In order to verify our simulation results, we applied traditional PLSC and PLSC-RP to an experimental genetic neuroimaging data set that has been published previously (Ousdal et al., 2012). We were able to replicate literature findings using both PLSC and PLSC-RP, with PLSC-RP being again significantly faster than PLSC. Specifically, we found three SNPs in high LD, rs10014254, rs11722038, and rs17529323, to be significantly associated to amygdala activity. These SNPs are located upstream of the Paired-like homeobox 2b (PHOX2B) gene, which is known to regulate the expression of enzymes necessary for the biosynthesis of monoamines (Brunet and Pattyn, 2002).

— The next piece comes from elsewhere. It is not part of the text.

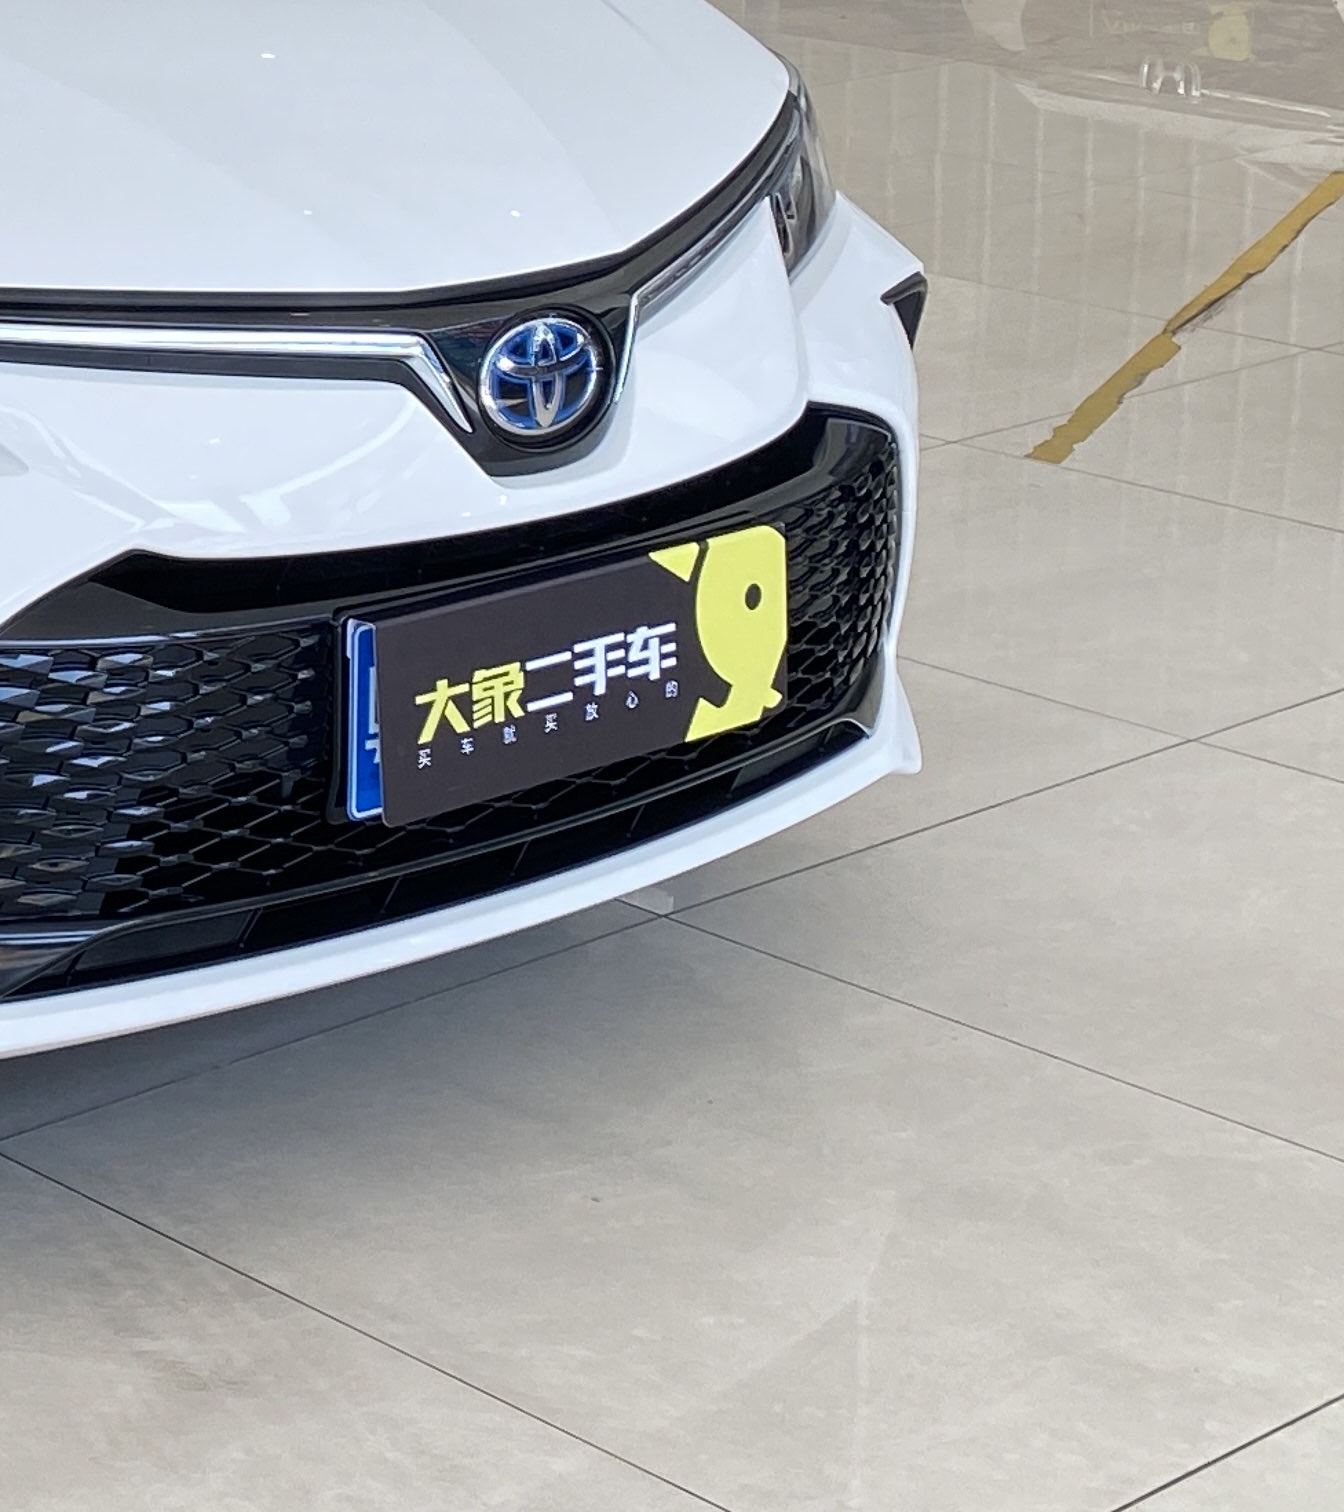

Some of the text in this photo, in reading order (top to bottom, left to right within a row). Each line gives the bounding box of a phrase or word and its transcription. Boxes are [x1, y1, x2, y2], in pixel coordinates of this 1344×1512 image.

[413, 621, 679, 746] 大象二手车
[417, 678, 680, 770] 买车就买放心的

Thus, we verified the authors hypothesis (Ousdal et al., 2012) that the monoaminergic signaling pathway plays a central role in the regulation of amygdala activity. In contrast to Ousdal et al. (2012), who only considered the amygdala peak voxels to search for influencing SNPs, we considered whole brain measures. Therefore, we also found some other brain regions to be involved during the emotional face-matching task, including cerebellum, left hippocampus, left lingual gyrus and right putamen. All these brain regions have been shown to be increasingly activated during processing of negative emotional faces (Fusar-Poli et al., 2009; Surguladze et al., 2010; Benedetti et al., 2011; Schraa-Tam et al., 2012; Demenescu et al., 2013). To date, it is not confirmed by the literature that individual differences in activation of these brain regions might be explained by variation of PHOX2B SNPs. However, we found evidence for an association of hippocampus with another gene influencing the monoaminergic signaling pathway, the gene that encodes the enzyme MAOA (Lee and Ham, 2008).
4.2. Accuracy of PLSC-RP Results Depending on the Data Type
We compared PLSC-RP to traditional PLSC on a data set containing genome-wide SNPs as genotypes together with candidate phenotype measures (body height and serum vaspin concentration extracted from blood, specifically). In contrast to the brain imaging measures, which we selected as high-dimensional phenotypes in the first application and which were scaled metrically, SNP information statistically represents count data, since PLSC was performed under the assumption of an additive genetic model. We showed that PLSC-RP provides statistically equivalent results to PLSC, despite significant savings in runtime. Therefore, dimensionality reduction using RP is data type independent. Using both PLSC and PLSC-RP, we were further able to replicate literature findings (Breitfeld et al., 2013). In the original publication, six SNPs on chromosome 14, mapping between serpinA1 and serpinA4, were shown to be significantly associated to serum vaspin measures. With the exception of one SNP that we had to exclude due to its low call rate, we verified these findings. We did not find any additional SNPs, since the authors in the original publication (Breitfeld et al., 2013) already performed a genome-wide screening.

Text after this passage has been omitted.